The Research Group has compared the predictions of their theory with the evolution of influenza viruses between 1995 and 2014. They found that for nearly all the years studied, the method for predicting virus variants agreed closely with the future population that actually occurred. In fact, in many years, the best virus variant was correctly identified [3]. The scientists are currently refining their method in order to provide the World Health Organisation (WHO) with optimum predictions for vaccine compositions.

The evolution of HIV in patients

Another example of rapid evolution is the adaptation of HIV to the host’s immune system. This process occurs whenever an individual becomes infected with HIV. To study this process in detail, the Max Planck researchers, together with Jan Albert of the Karolinska Institute in Stockholm have examined archived samples from eleven patients. Five to twelve samples were available from each patient, representing HIV infection from its onset over many years. Each sample contained thousands of HIV genomes, which the scientists decoded using modern sequencing methods. Such time series of samples can be viewed like films, allowing the researchers to track how the virus population changed over time.

Fig. 3: The dynamics of mutations in the HIV protein p17 within an HIV-positive patient. Many mutations spread in the population, while many more appear only transiently. — **Fig. 3:** The dynamics of mutations in the HIV protein p17 within an HIV-positive patient. Many mutations spread in the population, while many more appear only transiently.

© Max Planck Institute for Developmental Biology; modified from [4].

**Fig. 3:** The dynamics of mutations in the HIV protein p17 within an HIV-positive patient. Many mutations spread in the population, while many more appear only transiently.

© Max Planck Institute for Developmental Biology; modified from [4].

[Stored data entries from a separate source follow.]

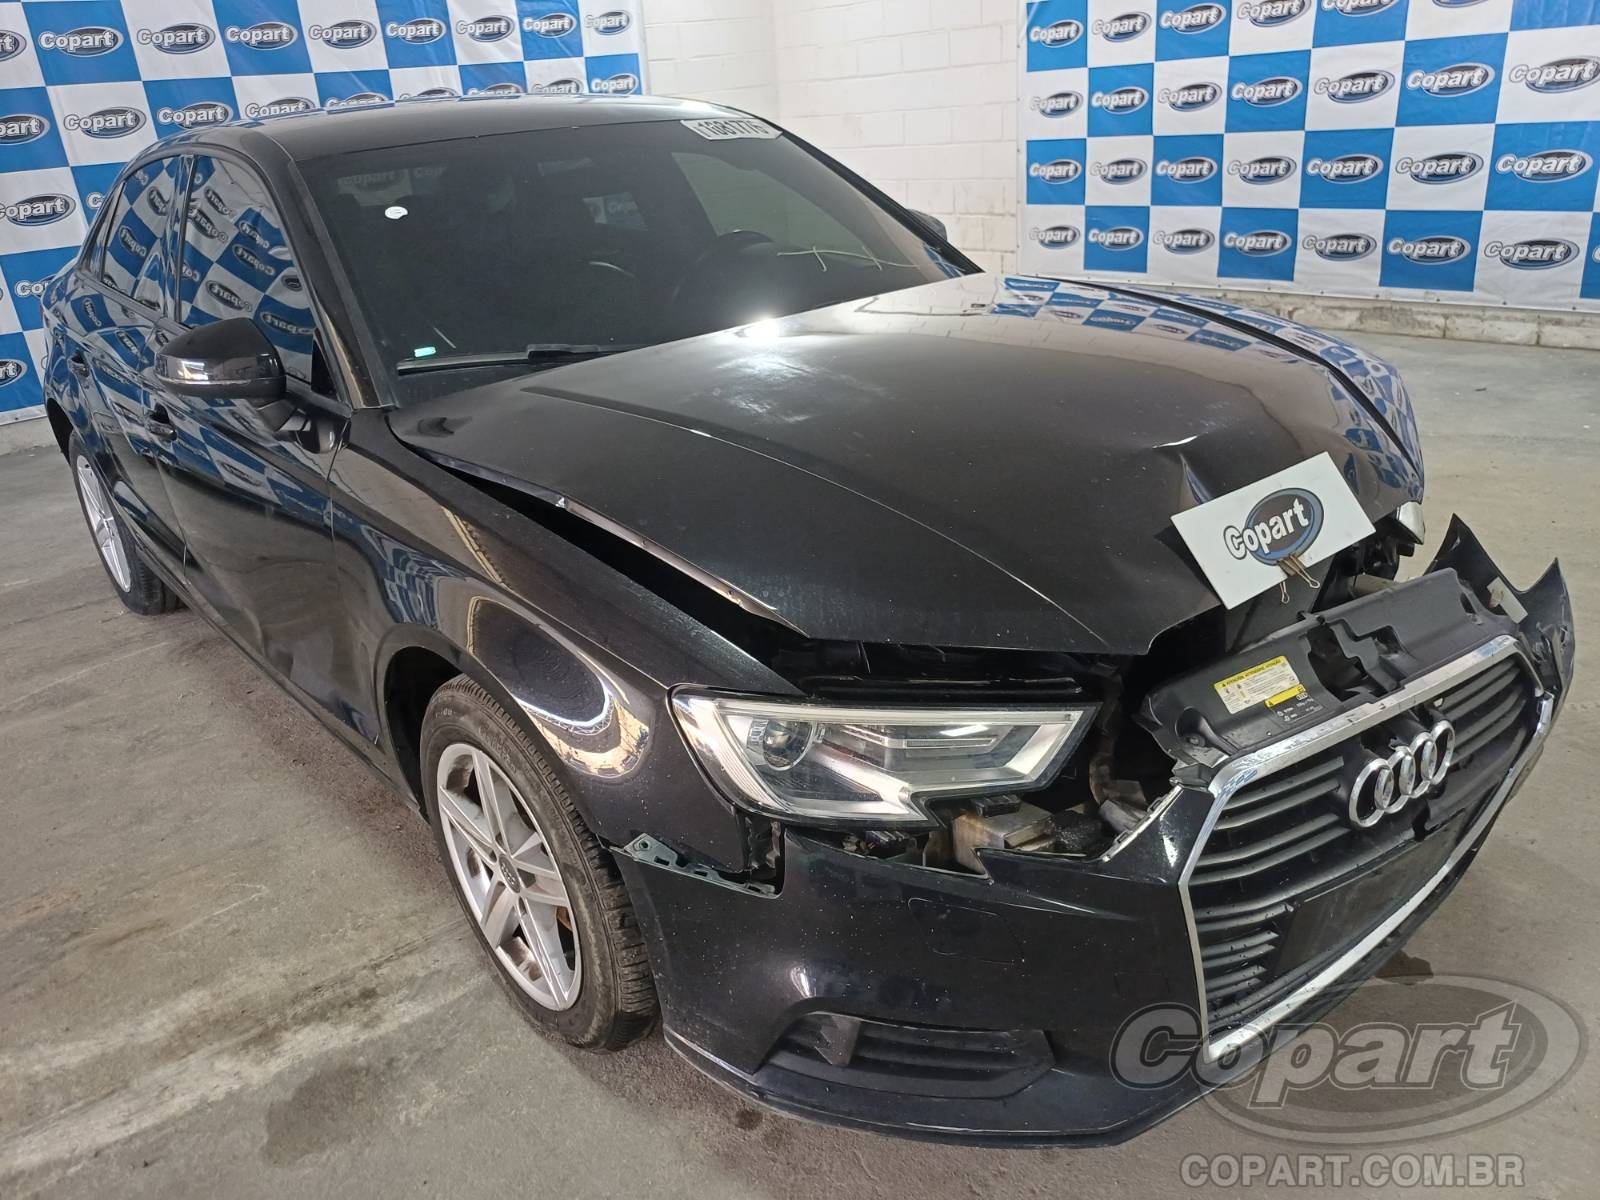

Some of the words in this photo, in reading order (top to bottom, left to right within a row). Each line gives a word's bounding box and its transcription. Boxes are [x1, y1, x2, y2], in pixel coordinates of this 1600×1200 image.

[386, 20, 440, 39] Copart
[457, 17, 509, 35] Copart
[523, 14, 571, 33] Copart
[585, 13, 627, 30] Copart
[1092, 16, 1143, 38] Copart
[1160, 7, 1219, 31] Copart
[40, 30, 114, 52] Copart
[137, 24, 206, 46] Copart
[225, 24, 290, 44] Copart
[309, 23, 369, 43] Copart
[1030, 24, 1076, 44] Copart
[592, 75, 633, 91] Copart
[1406, 67, 1486, 93] Copart
[1510, 60, 1598, 87] Copart
[1231, 79, 1293, 102] Copart
[1314, 73, 1384, 97] Copart
[1030, 93, 1076, 111] Copart
[1092, 90, 1141, 109] Copart
[1158, 85, 1214, 107] Copart
[64, 109, 137, 133] Copart
[158, 103, 226, 123] Copart
[1029, 161, 1075, 179] Copart
[1090, 160, 1140, 180] Copart
[1156, 159, 1209, 180] Copart
[1227, 158, 1288, 181] Copart
[1306, 157, 1375, 178] Copart
[1396, 155, 1472, 178] Copart
[1496, 154, 1581, 178] Copart
[1029, 227, 1075, 246] Copart
[1088, 228, 1137, 247] Copart
[1153, 230, 1207, 249] Copart
[1223, 232, 1284, 253] Copart
[1302, 235, 1368, 255] Copart
[1387, 237, 1460, 258] Copart
[1484, 241, 1565, 263] Copart
[1223, 498, 1310, 561] Copart

Fig. 3 shows the dynamics of mutations in a small segment of the HIV genome within an HIV-positive individual. In this example, ten prevailing mutations are observed within 35 bases. Many other mutations occur as rare variants in fewer than ten percent of the population. Armed with such data, the researchers were able to show that HIV has a kind of optimum sequence, and that around one-third of all mutations represent reversion to the optimum sequence.

These suboptimal variants probably evolved when the virus had to escape the immune system. Such mutations are then reversed in a new host with a different immune system [4]. These and other findings show that HIV populations can readily discover every possible mutation and, from the abundance of possible mutations, almost deterministically select those that best accelerate viral replication. Testing this assumption and developing other methods for predicting virus evolution will continue to occupy the researchers for some time to come.